Antes de fin de año, se eliminarán 60 provincia creándose 10 nuevas “ciudades metropolitanas” —Roma, Turín, Milán, Venecia, Génova, Bolonia, Florencia, Bari, Nápoles y Reggio Calabria— para evitar la duplicidad de funciones.
Si bien no se cerrarán 216 pequeñas clínicas ni se eliminarán 18.000 camas hospitalarias, también se buscaráfrenar el derroche en el sistema de salud pública.
Hay que ahorrar 4.500 millones de aquí a fin de año, 10.500 millones en 2013 y 11.000 millones en 2014.
Según el decreto, los empleados públicos podrán ser puestos en “movilidad obligatoria”: a sus casas con el 80% del sueldo base, e incluso despedidos. Ahora existen 3,3 millones para un país de 60 millones de habitantes.
El decreto ley prevé la reducción de las transferencias, 700 millones de euros en 2012 y 1.000 millones en 2013. El recorte a cada una de ellas se decidirá en función “de la virtuosidad y el exceso de gasto de cada una de ellas”.
En cuanto a los municipios, dejarán de percibir 500 millones en 2012 y 2.000 millones en 2013. Queda fuera de los recortes la sanidad pública, después de que la filtración del primer borrador —que preveía el cierre de un buen número de pequeños hospitales— provocará una gran polémica.
Sí se eliminarán los coches oficiales, hasta en un 50%, porque de alguna forma representan los privilegios de la clase dirigente en tiempos de crisis.
El decreto establece asimismo la reducción de un 10% del plantel de las Fuerzas Armadas y una reorganización para hacer la Justicia más eficaz y menos costosa.

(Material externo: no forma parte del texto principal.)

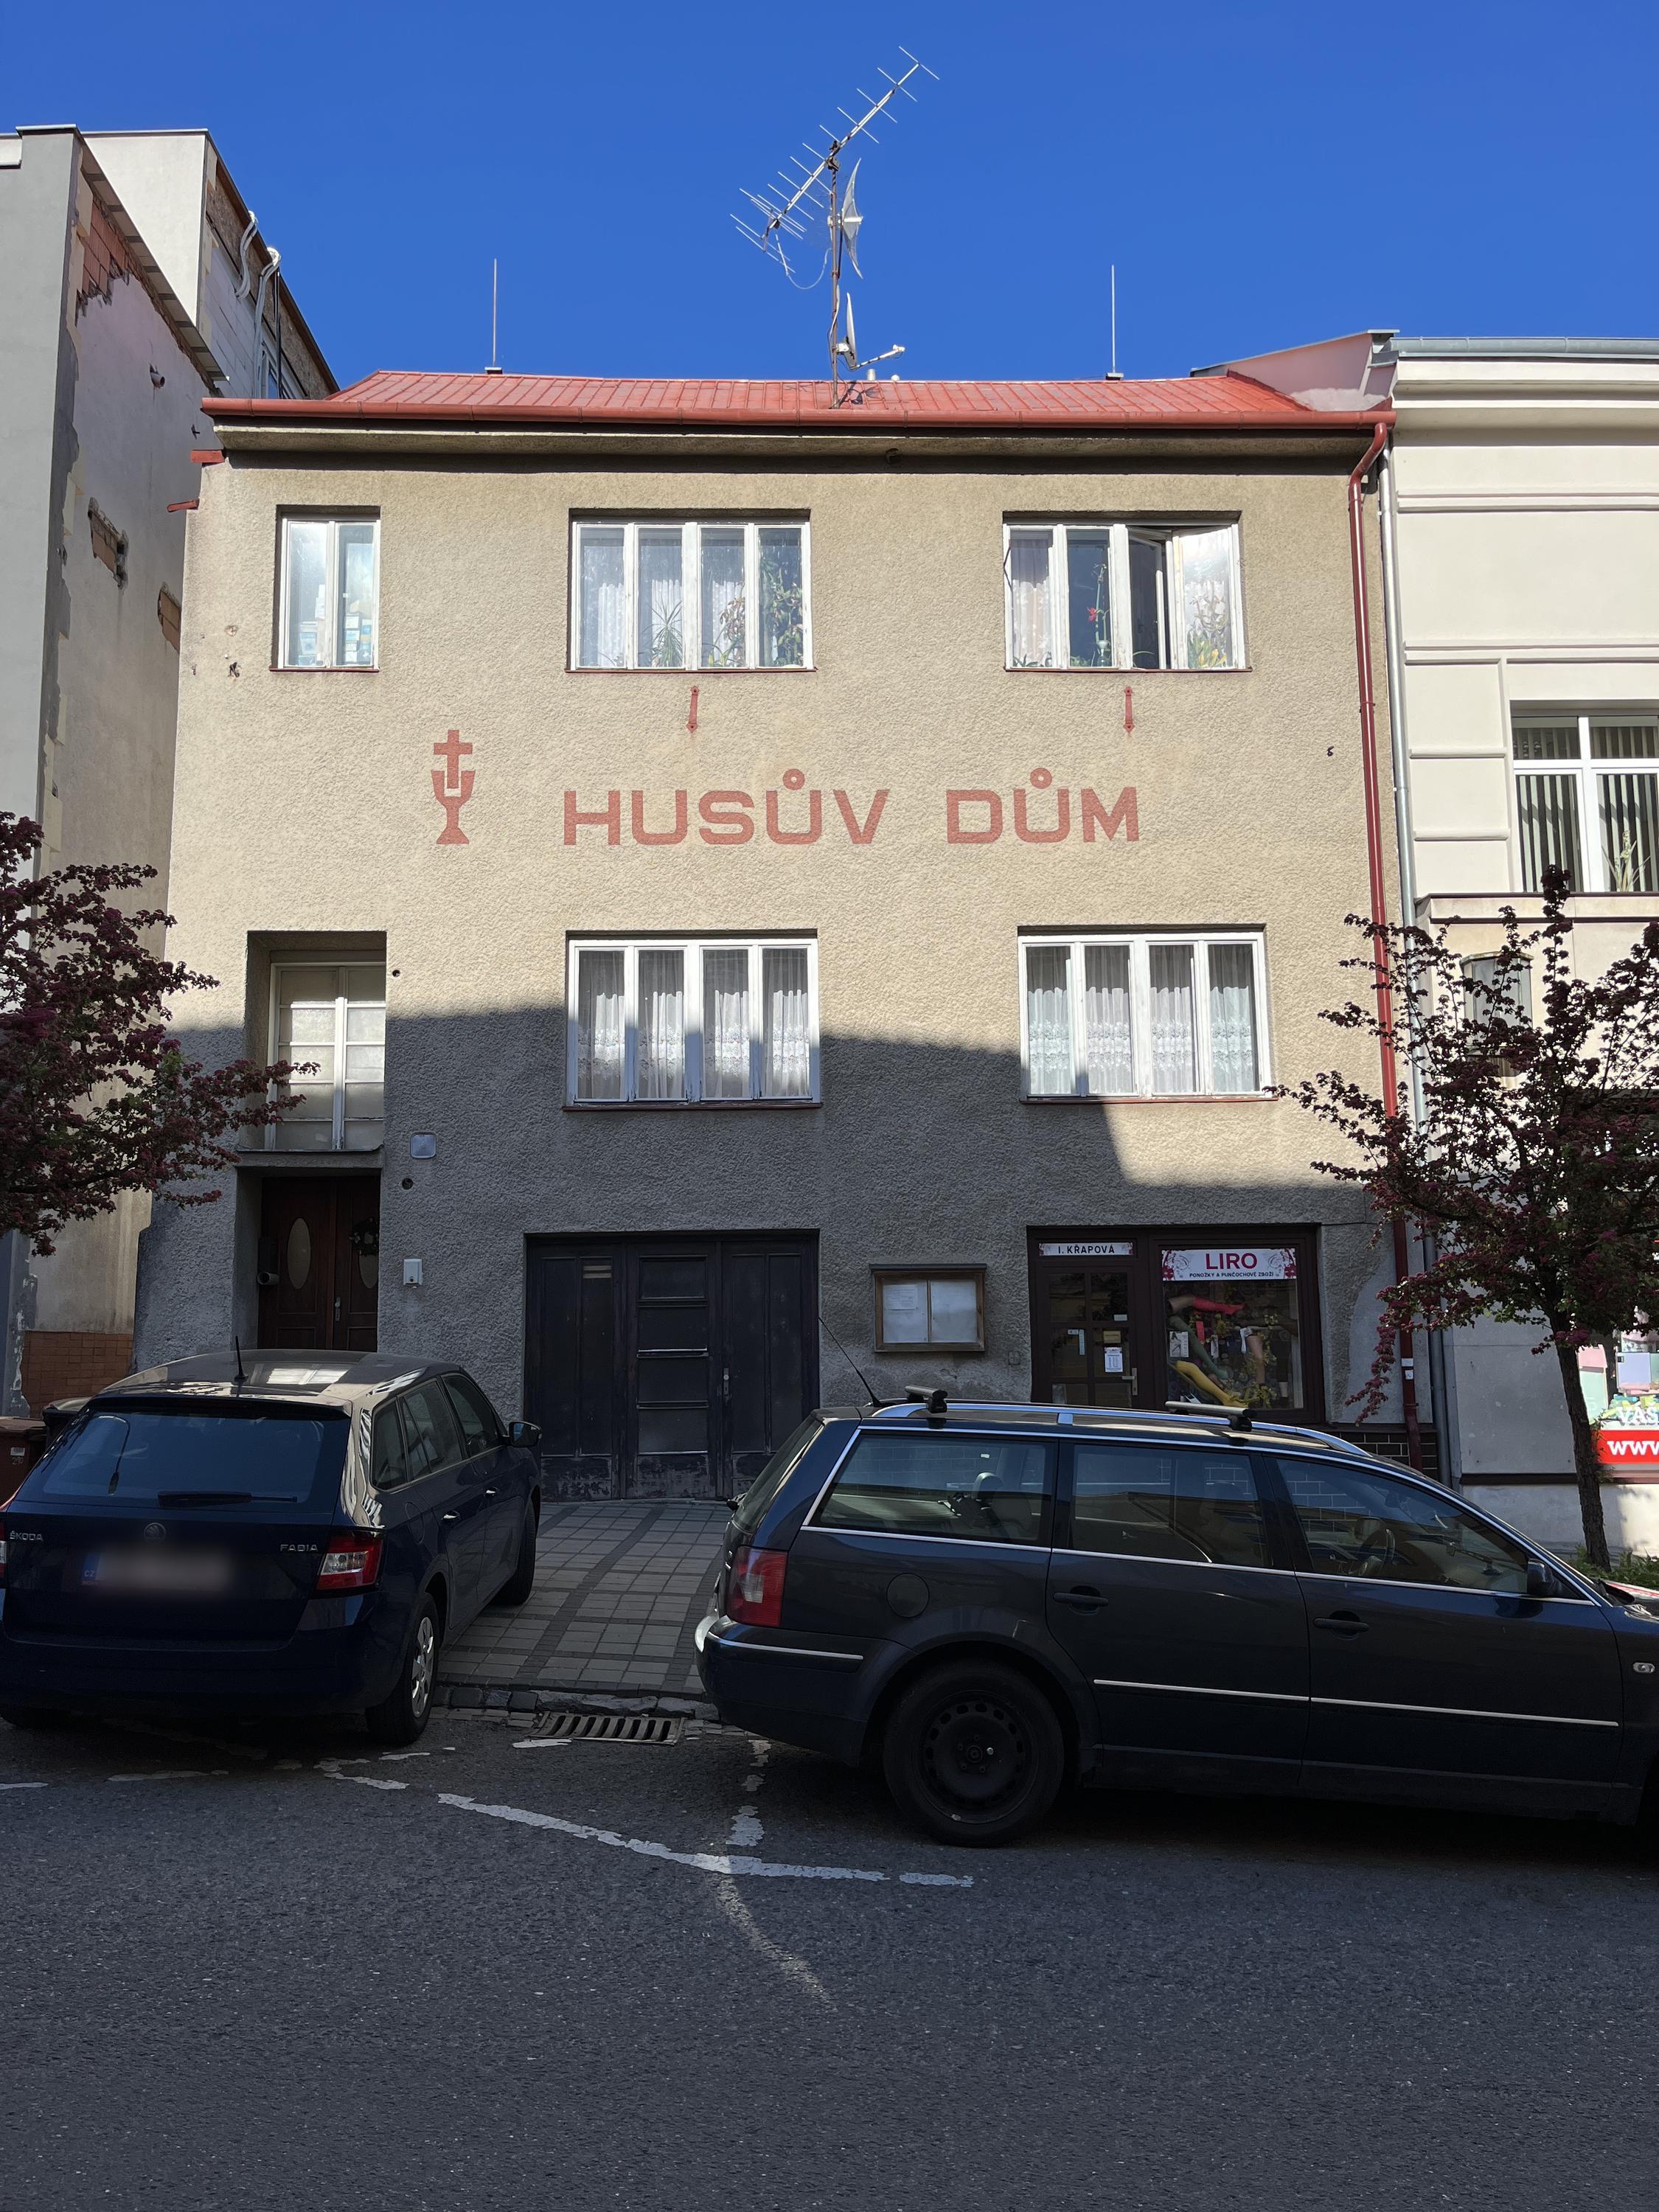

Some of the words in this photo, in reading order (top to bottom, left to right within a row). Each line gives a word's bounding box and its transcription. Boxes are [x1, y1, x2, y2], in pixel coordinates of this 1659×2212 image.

Se prevé la reducción o fusión de 37 tribunales y 38 fiscalías de menor entidad y se suprimen las 220 “secciones de destacamento” y las oficinas de 674 jueces de paz. El personal será reubicado con el objetivo, según la ministra, de dar mejor servicio al ciudadano. La excesiva y lenta burocracia judicial italiana es una de las quejas recurrentes de los usuarios.